Intervento (da Roma), mattinata introduttiva, Sabato 18 giugno.

Pensiamo che sia importante per superare l’impasse in cui siamo partire da un rovesciamento di alcuni modi di fare, di alcuni luoghi comuni che almeno nel nostro territorio sembrano essere dati per scontati dal “movimento”.

Il primo di questi luoghi comuni è quello che viviamo una fase in cui le possibilità di un movimento antagonista siano risicate. convinzione che si traduce in un atteggiamento passivo di chi aspetta “che passi la nottata”. il nostro nemico non morirà di morte naturale, aspettare il suo cadavere lungo il fiume non servirà a molto.

Un certo pessimismo della ragione nutre quotidianamente l’assenza di volontà.

E allora bisogna guardare a questa fase con ottimismo non solo perché sul piano delle condizioni materiali non c’è prospettiva di miglioramento: i dati sulla povertà e sulla disoccupazione sono li a raccontare di una promessa di uscita dalla crisi ogni giorno meno credibile. Ma soprattutto perché nuovi spazi sembrano aprirsi rispetto alla capacità della nostra controparte di costruire consenso. Il renzismo sta andando incontro alla sua prima evidente battuta d’arresto. sta a noi far si che questo non sia un “incidente di percorso” ma l’inizio della sua fine.
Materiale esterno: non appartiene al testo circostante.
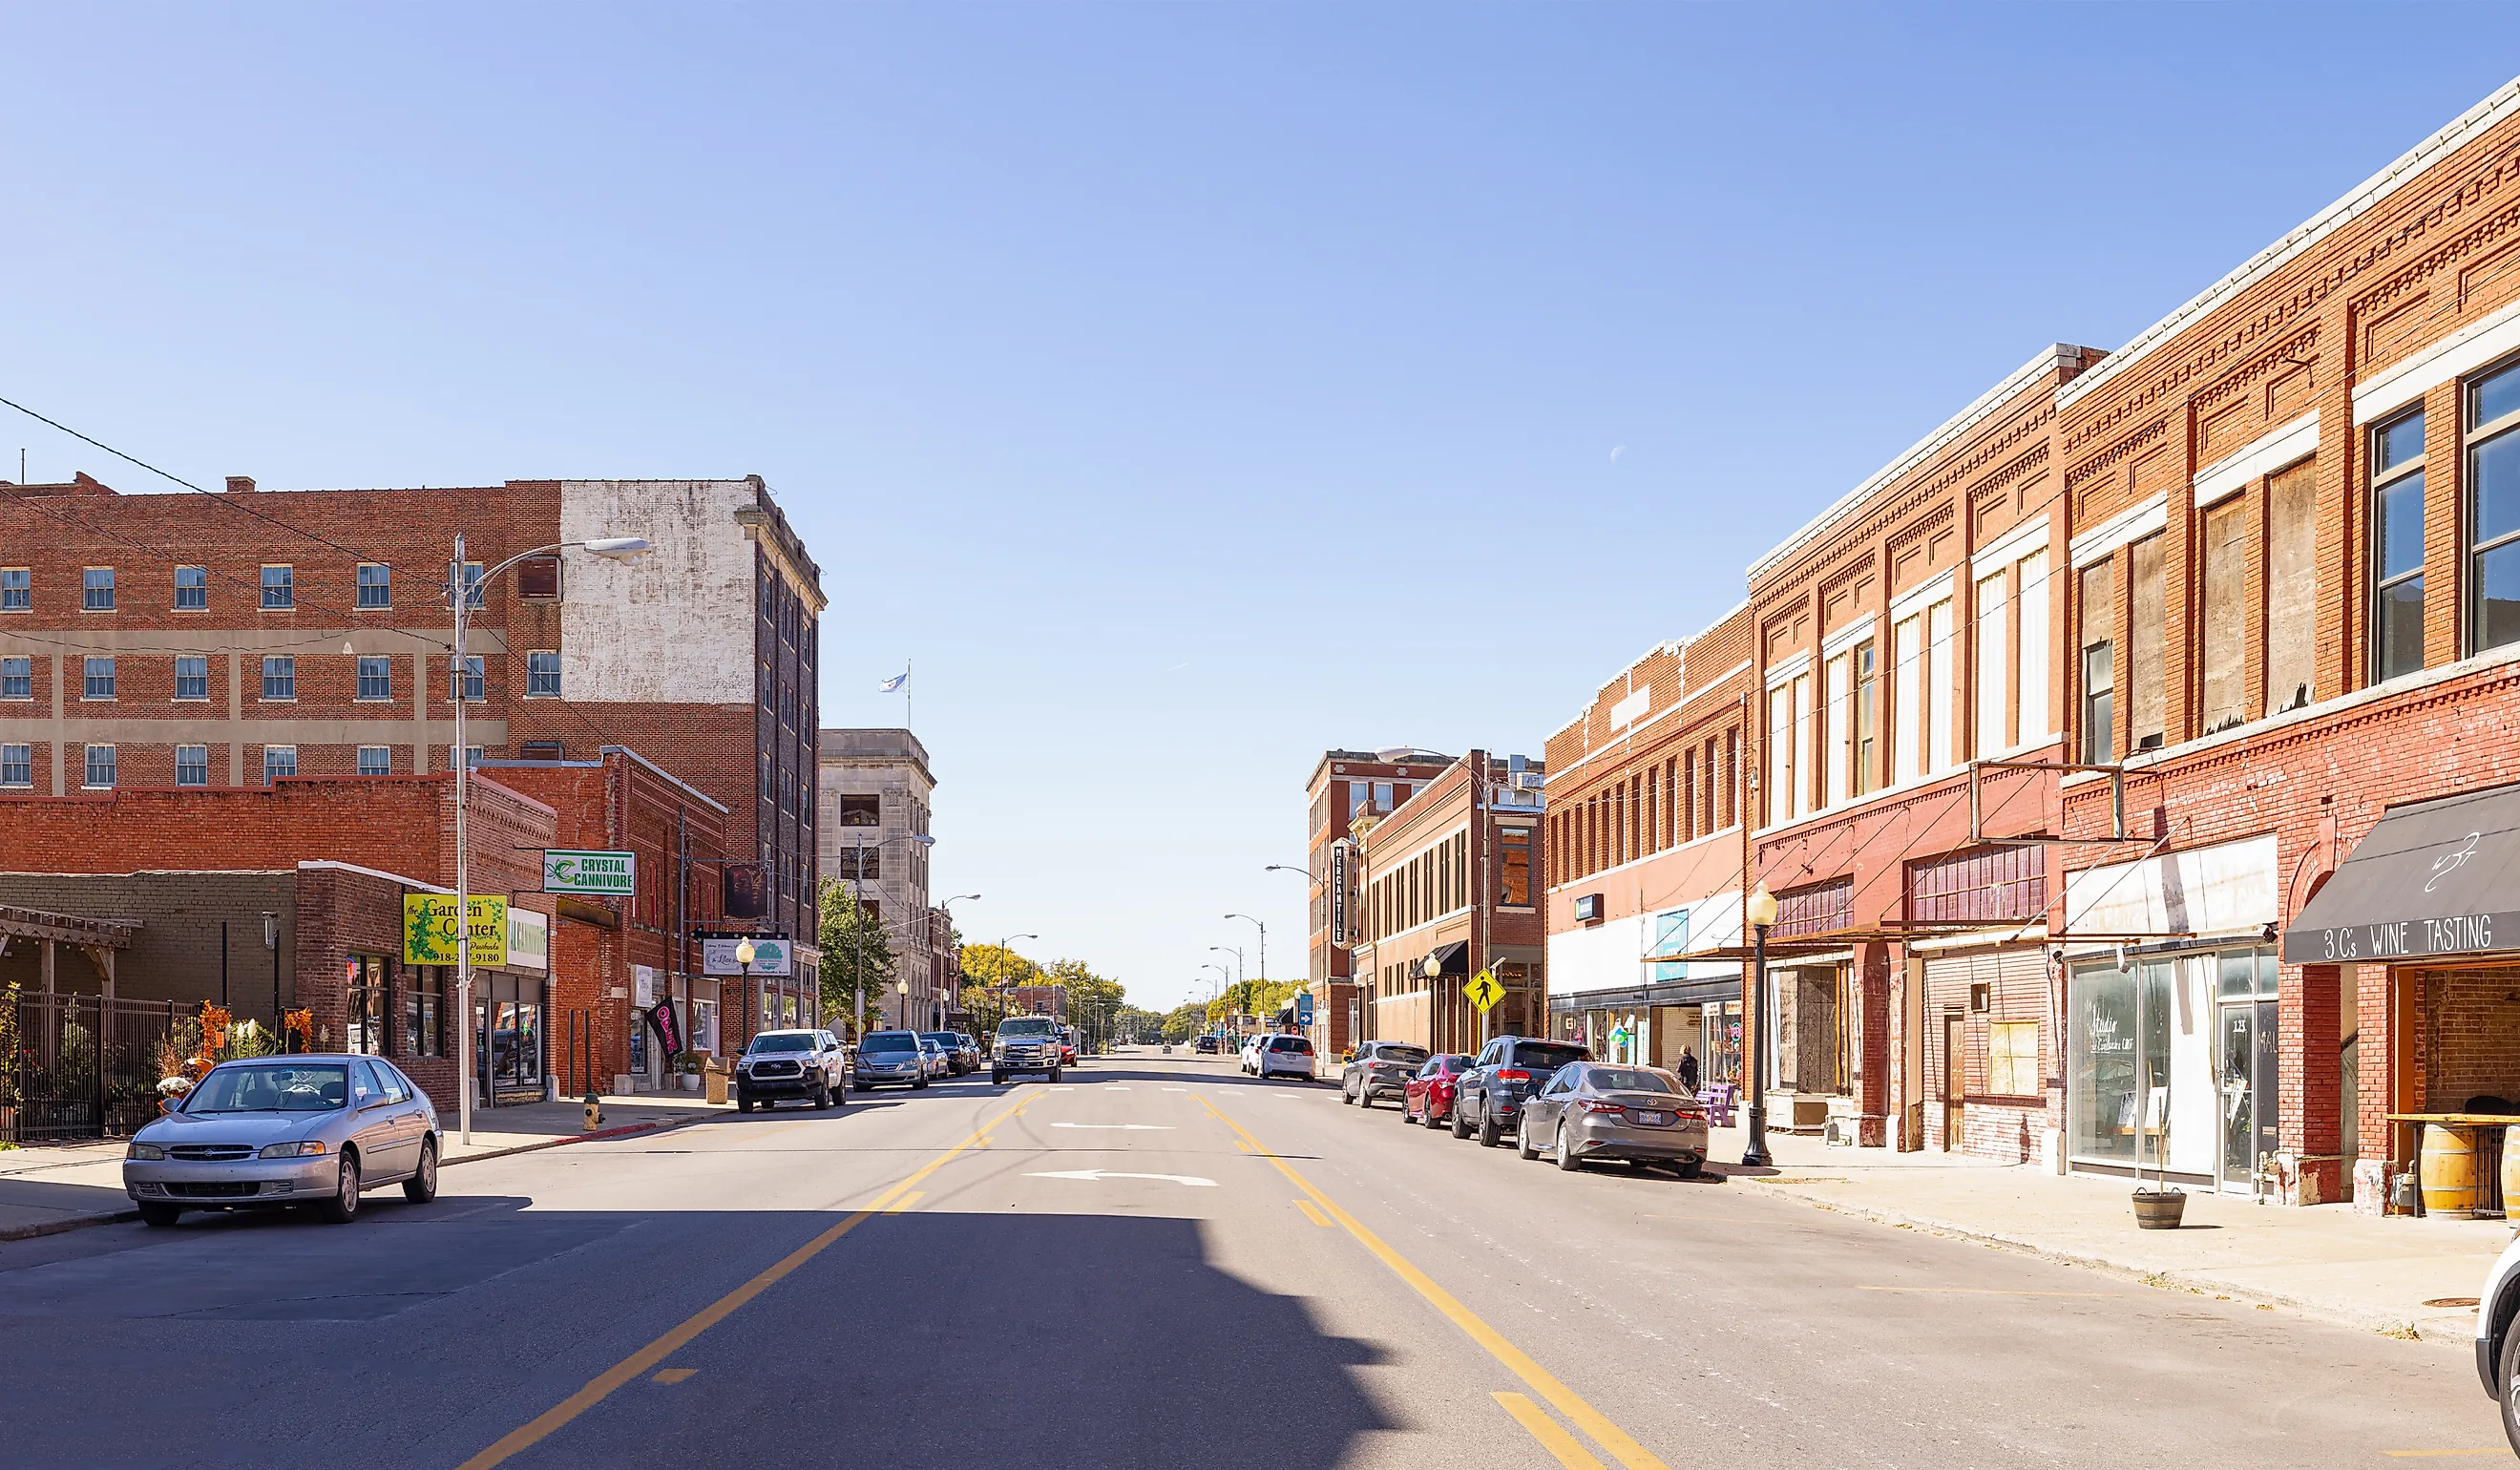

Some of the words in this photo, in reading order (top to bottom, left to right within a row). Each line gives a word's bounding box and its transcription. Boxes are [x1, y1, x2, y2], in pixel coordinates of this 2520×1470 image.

La prossimo tappa è il referendum costituzionale d’ottobre che diviene ogni giorno di più un plebiscito sul governo. È uno spazio che si apre per esprimere inimicizia.  E parallelamente prende spazio un’altra ipotesi di governo: il movimento 5 stelle.  Sospeso tra la sua ambiguità di fondo tra il rappresentare un’alternativa alla partitocrazia e il volersi accreditare come forza di governo affidabile nella campagna elettorale  si è esposto su temi difficilmente compatibili con l’attuale gestione della crisi: per rimanere a quello che vediamo nella nostra città rifiuto del debito, no alle olimpiadi, blocco delle edificazioni, ripubblicizzazione di ACEA.

Dentro questa contraddizione possiamo intravedere una crepa nel blocco monolitico che ha governato la città negli ultimi anni, anche attraverso il dispositivo del commissariamento, anche qua sta a noi trasformare la delusione che il tradimento di queste aspettative si trasformi in rabbia.

E se allora questa impasse non è il risultato di “condizioni oggettive” dobbiamo guardare alle nostre capacità soggettive di stare nelle contraddizioni e determinare passaggi.

Da questo punto di vista, partendo dall’insufficienza di quanto abbiamo già costruito, ci sembra necessario provare a fare delle “scommesse”. L’ipotesi che avanziamo è che il proletariato giovanile in formazione abbia espresso negli ultimi mesi comportamenti di rottura e di rifiuto meno “visibili” che spesso si sono dati nel rapporto quotidiano con l’istituzione scolastica (contro l’autoritarismo dei presidi, contro la presenza della polizia nelle scuole, contro l’invalsi e l’alternanza scuola-lavoro) più che sul terreno della mobilitazione di piazza. Così come dentro l’università si stia aggregando un tessuto militante intorno alle esperienze di autogestione di spazi e alla circolazione di contro-saperi. 

Questa composizione può trovare nuove capacità di attacco laddove si mette in relazione con il proletariato giovanile che vive nei quartieri l’erosione del welfare, l’esclusione dal mondo della formazione, una condizione di disoccupazione o sotto occupazione strutturale.

Sulla potenzialità di questo incontro occorre rilanciare l’inchiesta, la capacità di organizzare momenti di rottura, di cogliere delle occasioni di contrapposizione.

Consapevoli che oggi più che mai non ci possiamo porre come mera “rappresentazione” di un conflitto, che non ci può bastare semplicemente alludere a un processo, che affianco a momenti di visibilità efficaci dobbiamo attrezzarci per radicarci e tenere.  Fuori da facili formule affrontiamo questa due giorni con la voglia di moltiplicare i punti interrogativi più che con l’ansia di trovare risposte.